A brief history of music algorithms
One of the first systems used for interactive music is iMUSE, created by video game developer LucasArts in the early 90s. The engine was born out of the frustration of the existing audio system in the SCUMM game development engine, and was first used in the game Monkey Island 2: LeChuck’s Revenge.
The engine was relatively simple by modern standards, but set the precedent for how games approach music. The iMUSE system synchronised music to the player’s actions and would transition smoothly from one piece of music to another—a standout in an era when games commonly came bundled with fairly basic music which played on a loop. This concept then became a cornerstone of video game music, which then evolved to include concepts such as horizontal resequencing and vertical reorchestration.
Resequencing is when pre-composed sections of music play according to the player’s action cues, such as their location or the activity they are undertaking. Whenever the scenario changes, the music engine either crossfades to the next segment—befitting of the new scenario—or changes the segment upon completion of the current musical phrase. For instance, the game can change the music being played if the player picks up a power-up and then reverts to the original soundtrack when the power-up wears off.
Reorchestration, on the other hand, changes the mix of different instruments on top of a pre-existing ongoing loop of music. The player’s actions then determine the instrumentation of the soundtrack. For example, a game can have a certain track playing when the player is exploring, but amp up some components—like string instrumentations or percussion—when the player enters into combat.
Many algorithms were written on the basis of these two concepts, creating varied solutions befitting the scope of the game and how players played them. One notable example of reorchestration is 2016’s hit game DOOM, which used a complex algorithm to make musical accompaniments to the player’s actions.
To begin with, song sections were made into smaller parts, so as to let the algorithm pick the best part of songs to reflect the action on screen. Then, the player’s actions are closely monitored, with the music engine keeping a track of the player’s movement speed, number of enemies in combat, and the current activity being undertaken by the player i.e., exploration or combat.

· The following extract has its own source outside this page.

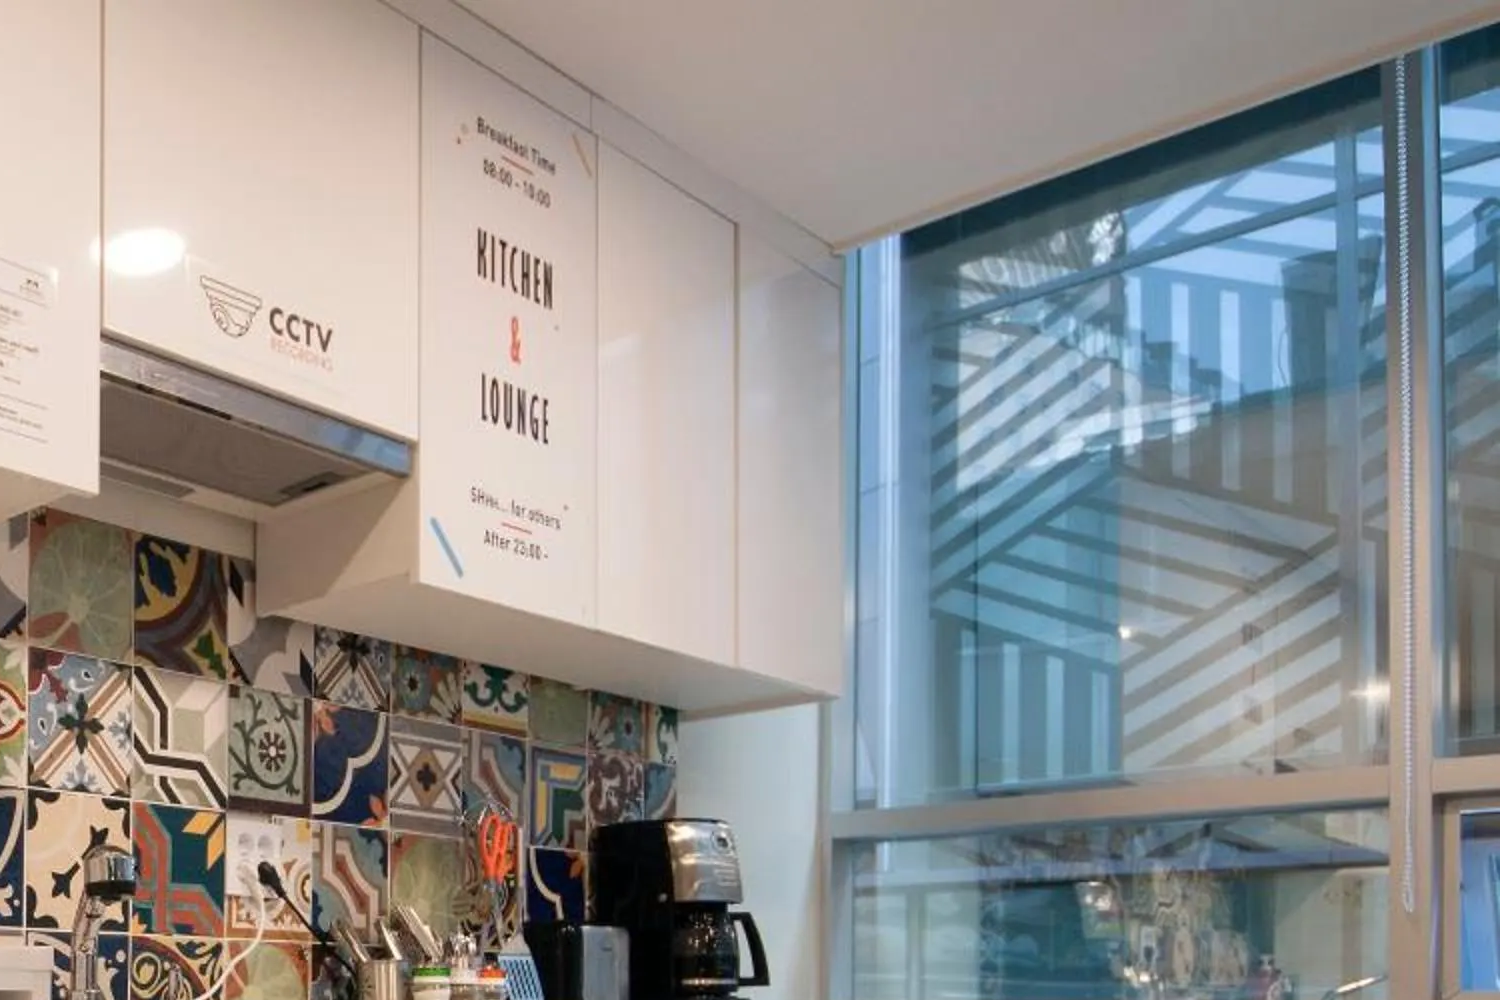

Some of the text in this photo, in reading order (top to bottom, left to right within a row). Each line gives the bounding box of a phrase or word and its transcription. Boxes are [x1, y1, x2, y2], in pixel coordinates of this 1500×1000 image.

Speaking on the Doom soundtrack, Hugo Martin, Creative Director, iD Software said, “We ultimately struck a really good balance with hearing the things you need to hear from a gameplay perspective. . . but then ultimately making the player constantly feel like a badass. It crescendos beautifully, it accents every action that I do, it’s a rock concert.”
Then, considering these factors, the algorithm picks the most fitting snippet of the song and blends it in seamlessly with the track that is already playing. The result is a soundtrack that complements the player’s actions perfectly and provides an unforgettable experience.
Even as such advanced tech has already been used for modern games, Blizzard aims to push the envelope further and completely personalise the game experience for each player.
AI-generated music might just be the tip of the iceberg when it comes to content in games. We are already seeing procedural generation take the mainstream in games, not only to create the music but also to create the world that the player is in. AI has also been leveraged to reduce system resource utilisation, as seen with NVIDIA’s DLSS technology. Using cutting-edge models will not only provide a value-add for games, but will create a bevy of new experiences that will leave an indelible mark on the new generation of gamers.